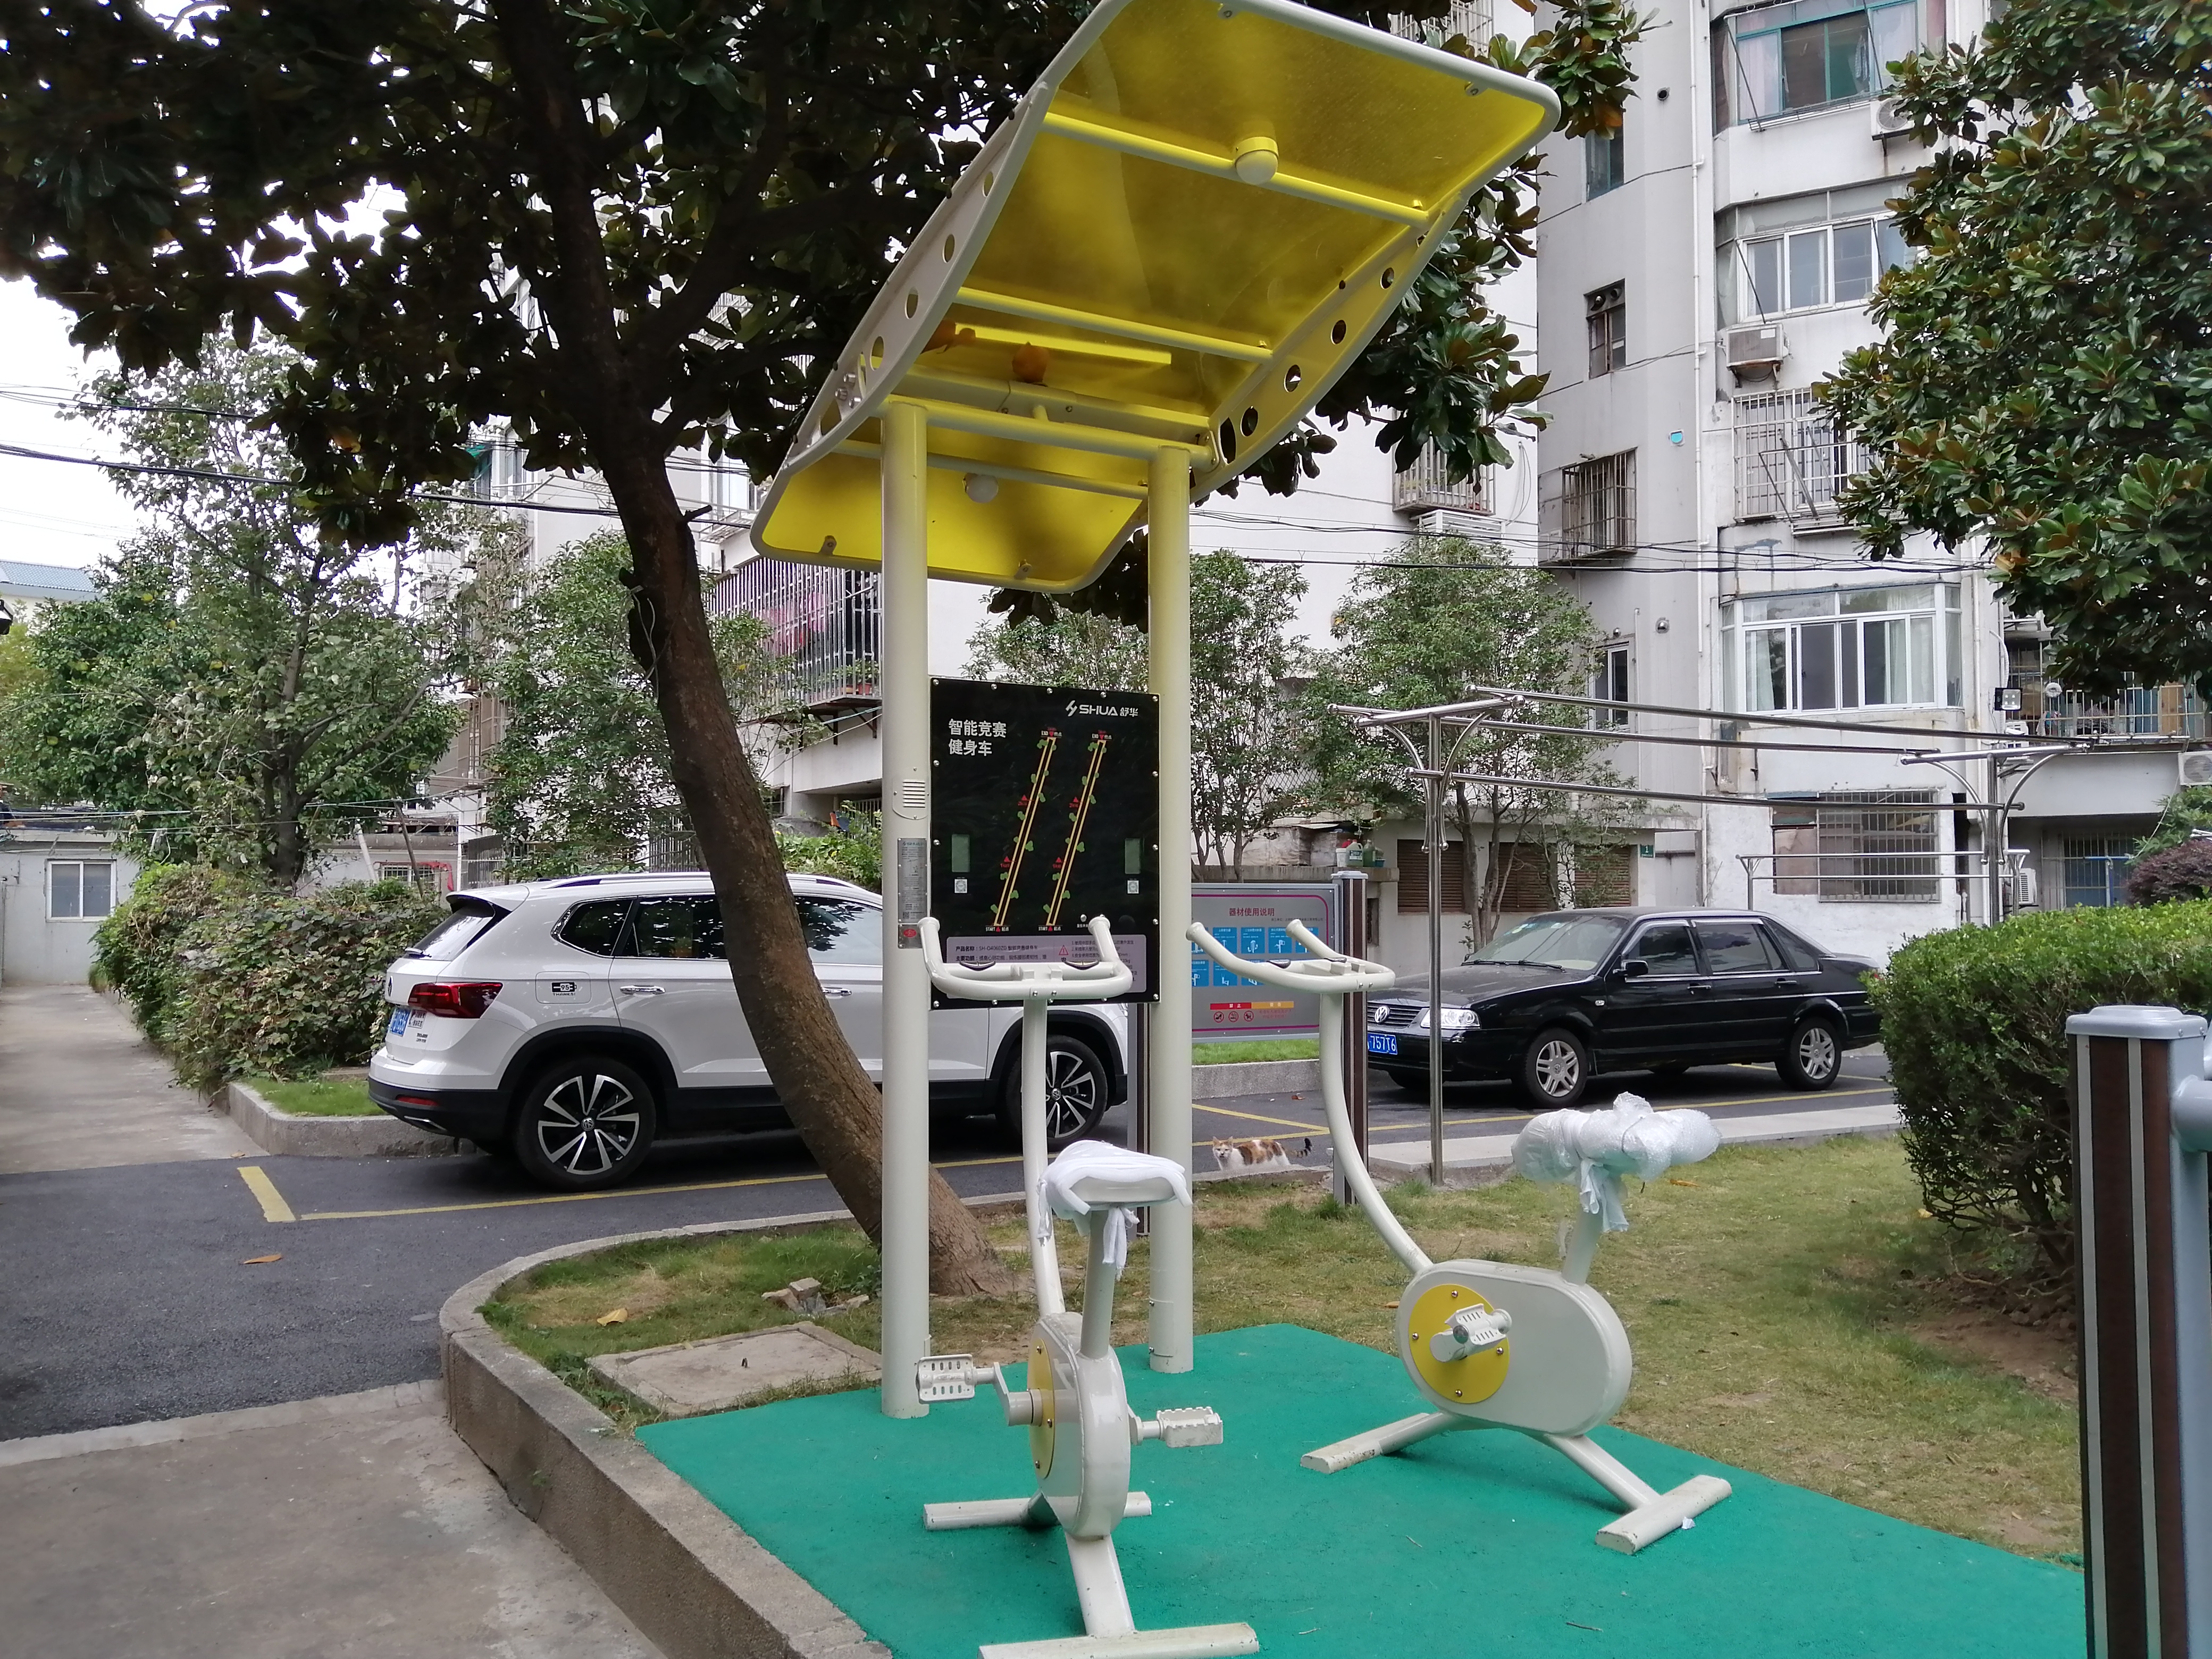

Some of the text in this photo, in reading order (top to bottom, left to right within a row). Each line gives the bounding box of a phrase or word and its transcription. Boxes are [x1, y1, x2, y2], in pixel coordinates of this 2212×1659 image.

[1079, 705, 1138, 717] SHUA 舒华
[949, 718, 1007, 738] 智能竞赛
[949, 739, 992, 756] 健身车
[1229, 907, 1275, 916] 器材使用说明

• _TASK REQUIREMENTS_
Output the lines above verbatim, images excluded.

• _EXPECTED ANSWER_
Some of the text in this photo, in reading order (top to bottom, left to right within a row). Each line gives the bounding box of a phrase or word and its transcription. Boxes are [x1, y1, x2, y2], in pixel coordinates of this 2212×1659 image.

[1079, 705, 1138, 717] SHUA 舒华
[949, 718, 1007, 738] 智能竞赛
[949, 739, 992, 756] 健身车
[1229, 907, 1275, 916] 器材使用说明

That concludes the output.